+++ Records to process +++
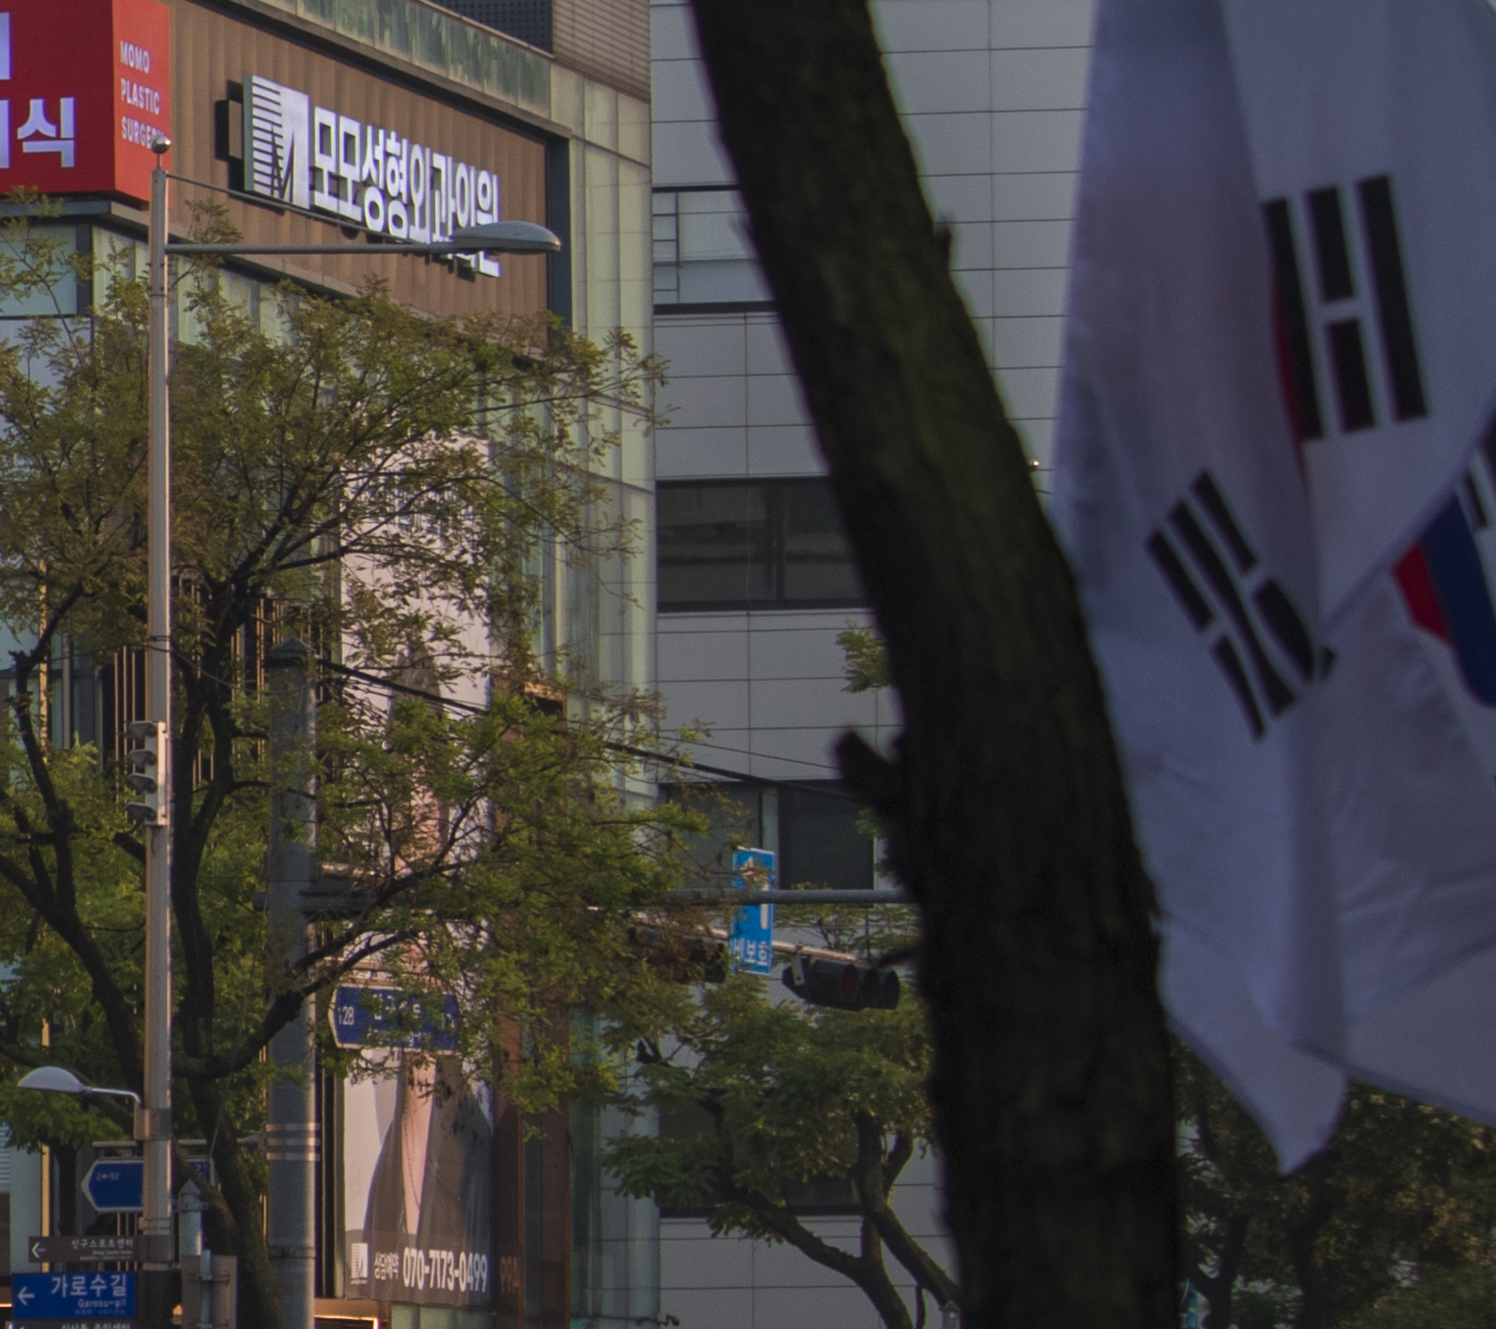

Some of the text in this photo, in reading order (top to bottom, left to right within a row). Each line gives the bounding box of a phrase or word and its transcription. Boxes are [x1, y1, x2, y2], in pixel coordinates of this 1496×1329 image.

[119, 40, 151, 74] MOMO
[120, 77, 161, 116] PLASTIC
[312, 104, 502, 279] 모모성형외과의원
[50, 1274, 128, 1298] 가로수길
[402, 1245, 489, 1294] 070-7173-0499
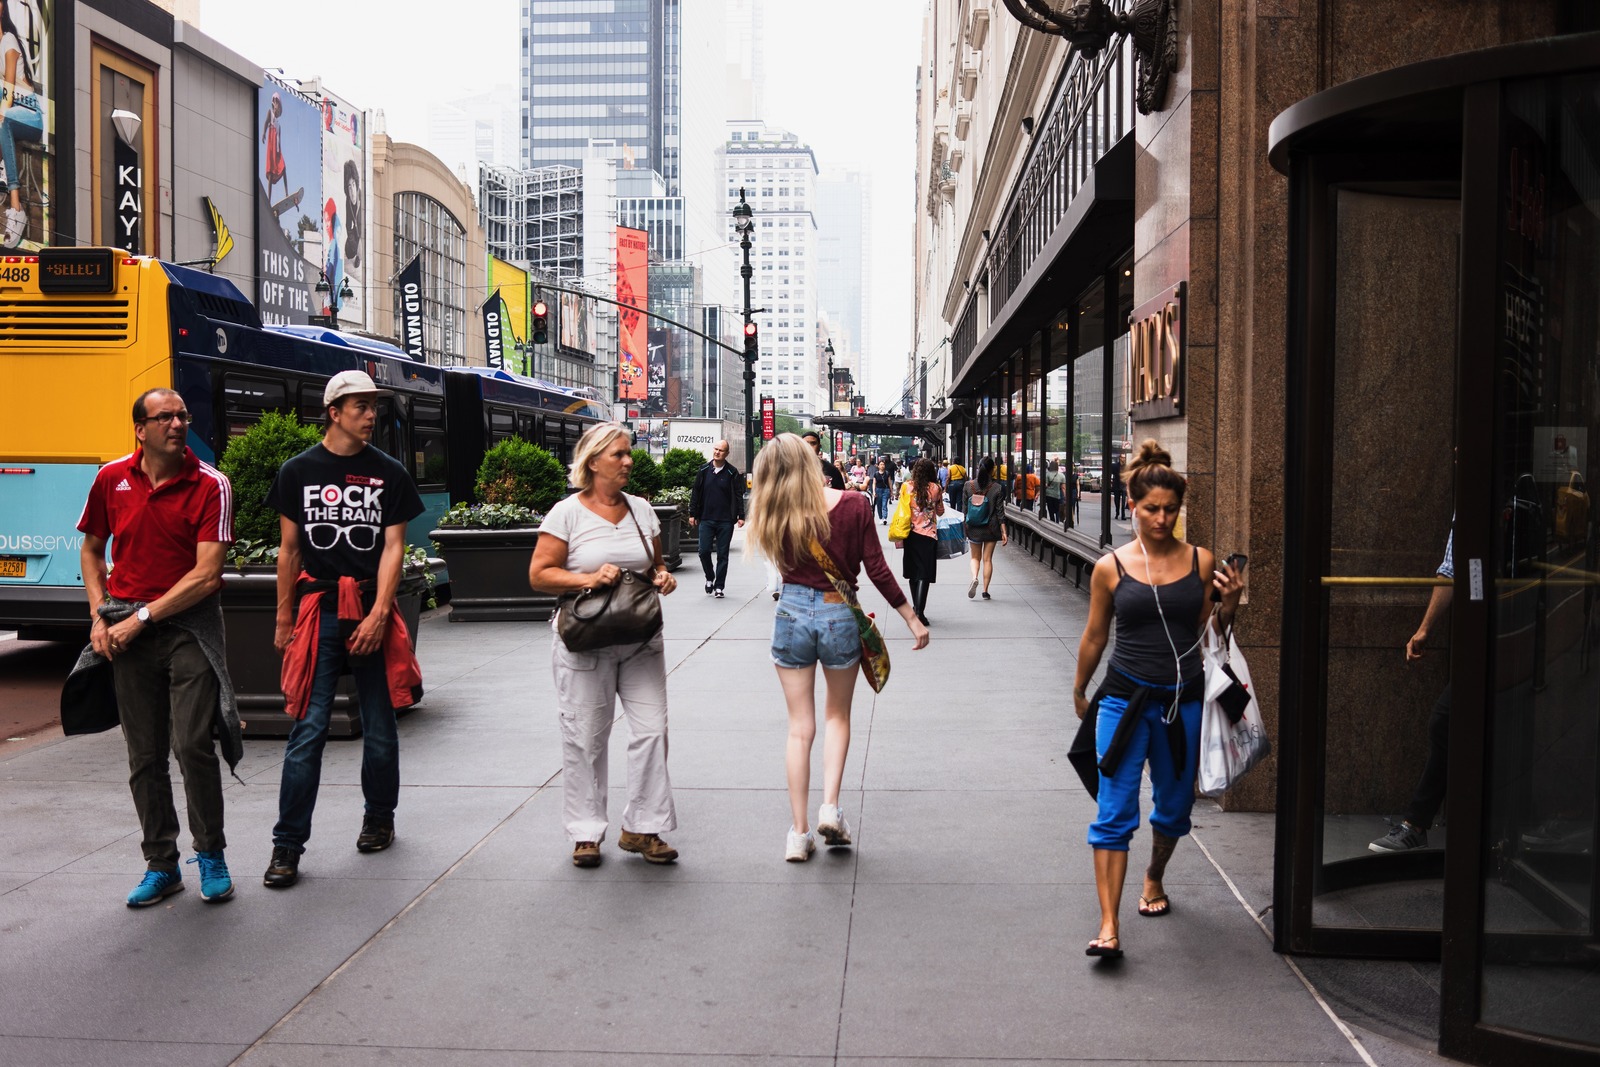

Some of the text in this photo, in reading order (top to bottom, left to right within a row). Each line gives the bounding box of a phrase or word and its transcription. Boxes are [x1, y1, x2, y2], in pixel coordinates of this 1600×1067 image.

[119, 165, 137, 236] KAY
[0, 267, 30, 282] 488
[262, 249, 304, 282] THIS IS
[263, 280, 309, 312] OFF THE
[404, 282, 423, 357] OLD NAVY
[486, 312, 500, 338] OLD
[375, 361, 388, 380] NY
[677, 435, 714, 443] 07Z45C0121
[303, 484, 384, 510] FOCK
[304, 506, 382, 524] THE RAIN
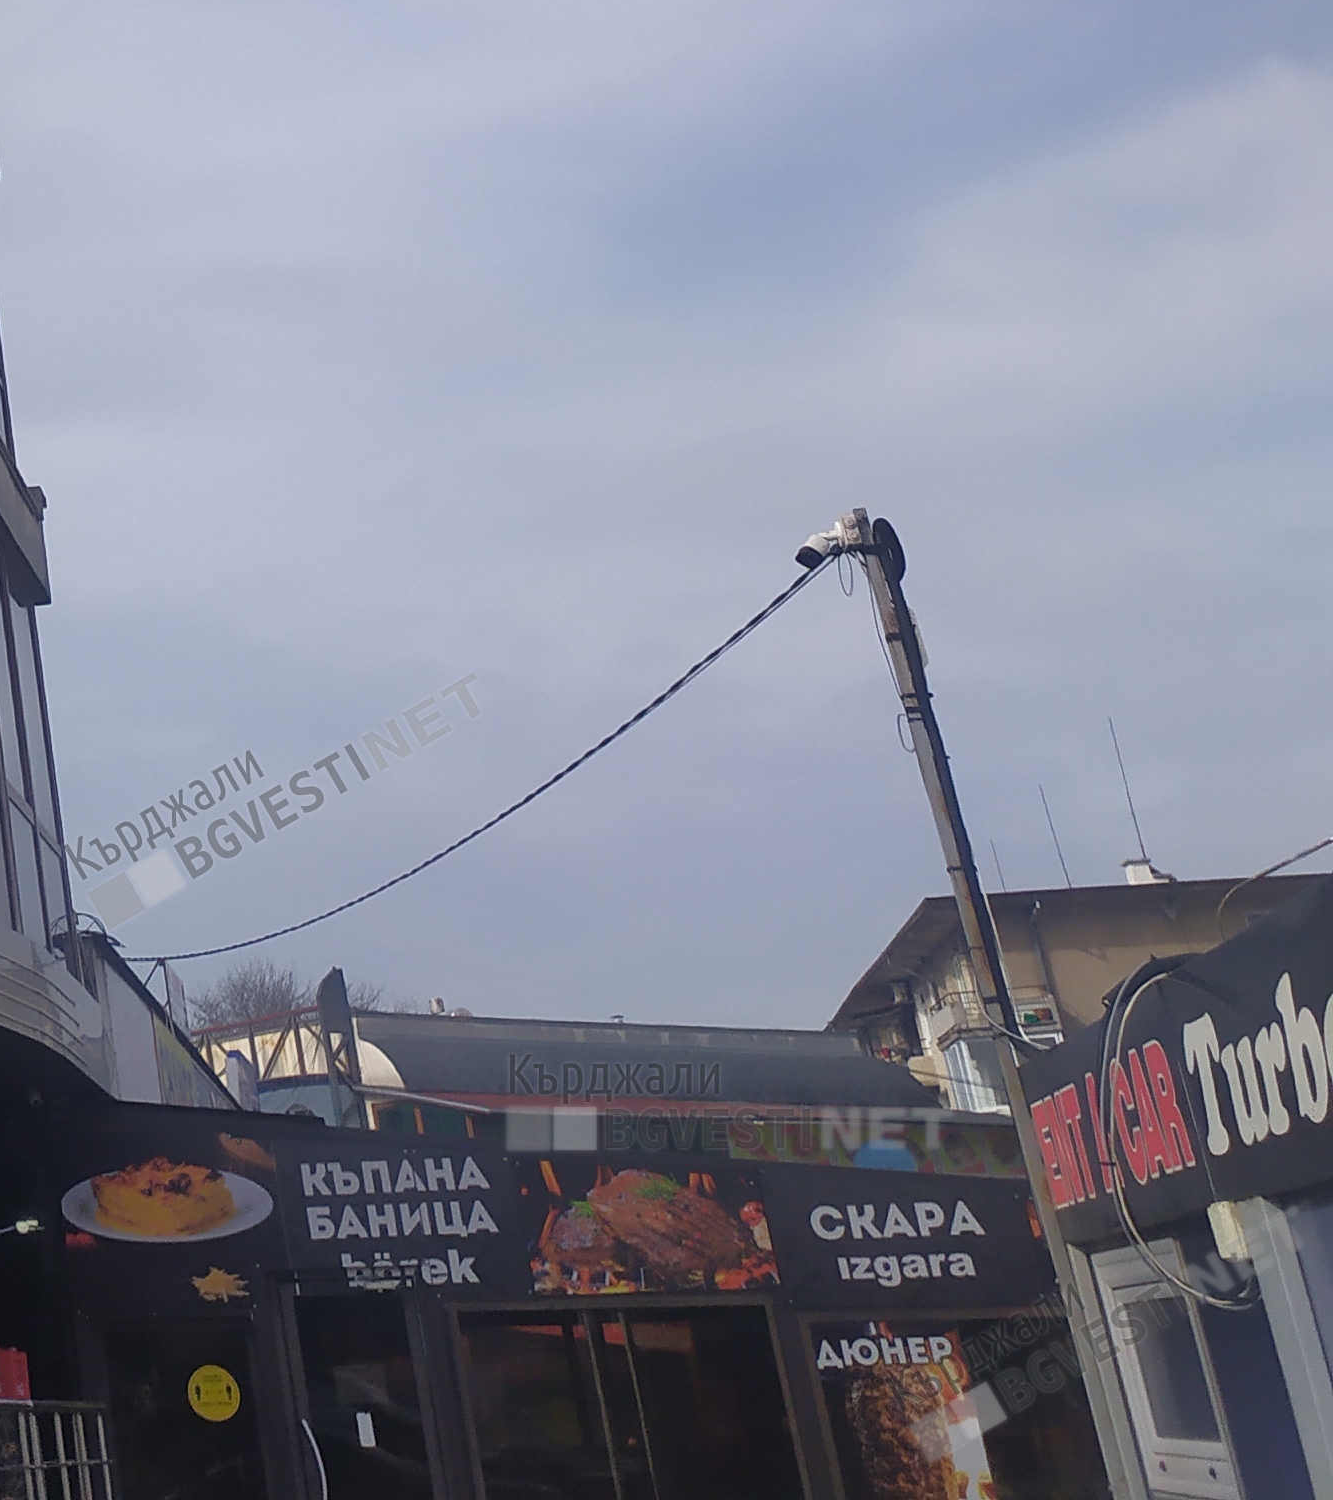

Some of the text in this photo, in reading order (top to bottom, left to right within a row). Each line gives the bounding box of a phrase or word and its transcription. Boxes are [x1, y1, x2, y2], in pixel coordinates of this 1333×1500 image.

[1183, 971, 1333, 1156] Turb
[1030, 1082, 1096, 1209] ENT
[1109, 1038, 1197, 1186] CAR
[300, 1155, 491, 1197] КЪПАНА
[306, 1199, 500, 1241] БАНИЦА
[810, 1199, 987, 1241] СКАРА
[816, 1335, 953, 1370] ДЮНЕР
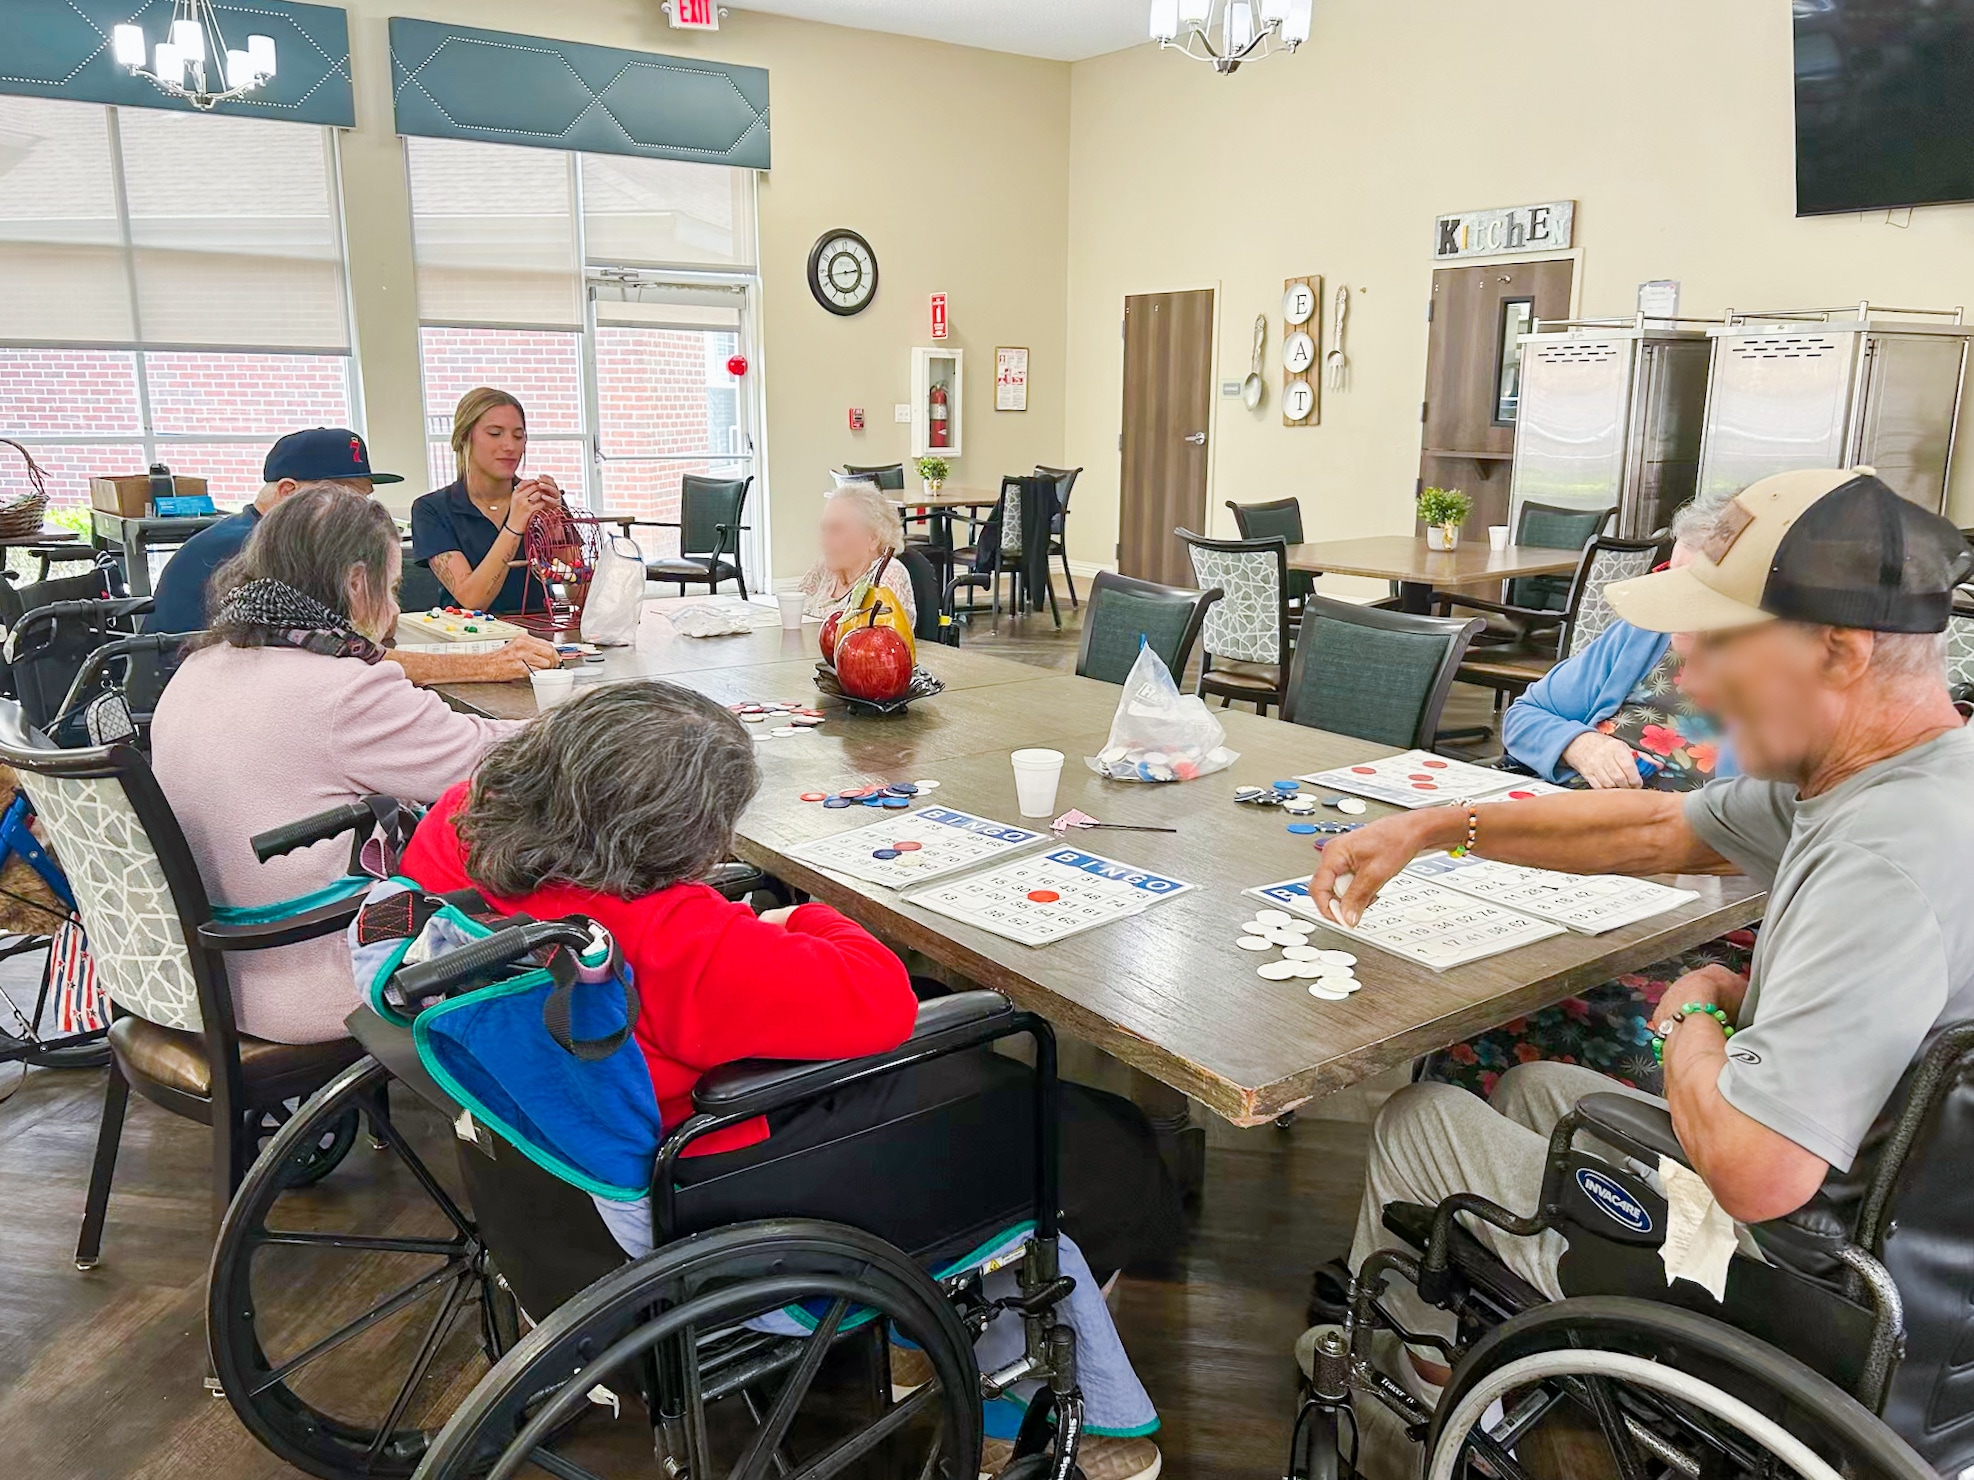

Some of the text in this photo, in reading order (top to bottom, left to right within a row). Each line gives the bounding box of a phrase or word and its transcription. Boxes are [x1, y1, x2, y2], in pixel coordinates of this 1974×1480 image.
+++
About this exercise — Go through the listing above and quote it exactly, apart from its images.

Problem solution —
Some of the text in this photo, in reading order (top to bottom, left to right within a row). Each line gives the bounding box of a phrase or word and its transcription. Boxes are [x1, y1, x2, y2], in pixel coordinates of this 1496×1329 image.

[119, 40, 151, 74] MOMO
[120, 77, 161, 116] PLASTIC
[312, 104, 502, 279] 모모성형외과의원
[50, 1274, 128, 1298] 가로수길
[402, 1245, 489, 1294] 070-7173-0499

Some of the text in this photo, in reading order (top to bottom, left to right within a row). Each line gives the bounding box of a phrase or word and its transcription. Boxes are [x1, y1, x2, y2], in pixel coordinates of this 1600×1067 image.

[119, 165, 137, 236] KAY
[0, 267, 30, 282] 488
[262, 249, 304, 282] THIS IS
[263, 280, 309, 312] OFF THE
[404, 282, 423, 357] OLD NAVY
[486, 312, 500, 338] OLD
[375, 361, 388, 380] NY
[677, 435, 714, 443] 07Z45C0121
[303, 484, 384, 510] FOCK
[304, 506, 382, 524] THE RAIN

Some of the text in this photo, in reading order (top to bottom, left to right within a row). Each line gives the bounding box of a phrase or word and its transcription. Boxes are [x1, y1, x2, y2], in pixel coordinates of this 1333×1500 image.

[1183, 971, 1333, 1156] Turb
[1030, 1082, 1096, 1209] ENT
[1109, 1038, 1197, 1186] CAR
[300, 1155, 491, 1197] КЪПАНА
[306, 1199, 500, 1241] БАНИЦА
[810, 1199, 987, 1241] СКАРА
[816, 1335, 953, 1370] ДЮНЕР

Some of the text in this photo, in reading order (top to bottom, left to right within a row). Each line gives the bounding box of a phrase or word and its transcription. Boxes are [x1, y1, x2, y2], in pixel coordinates of this 1974×1480 image.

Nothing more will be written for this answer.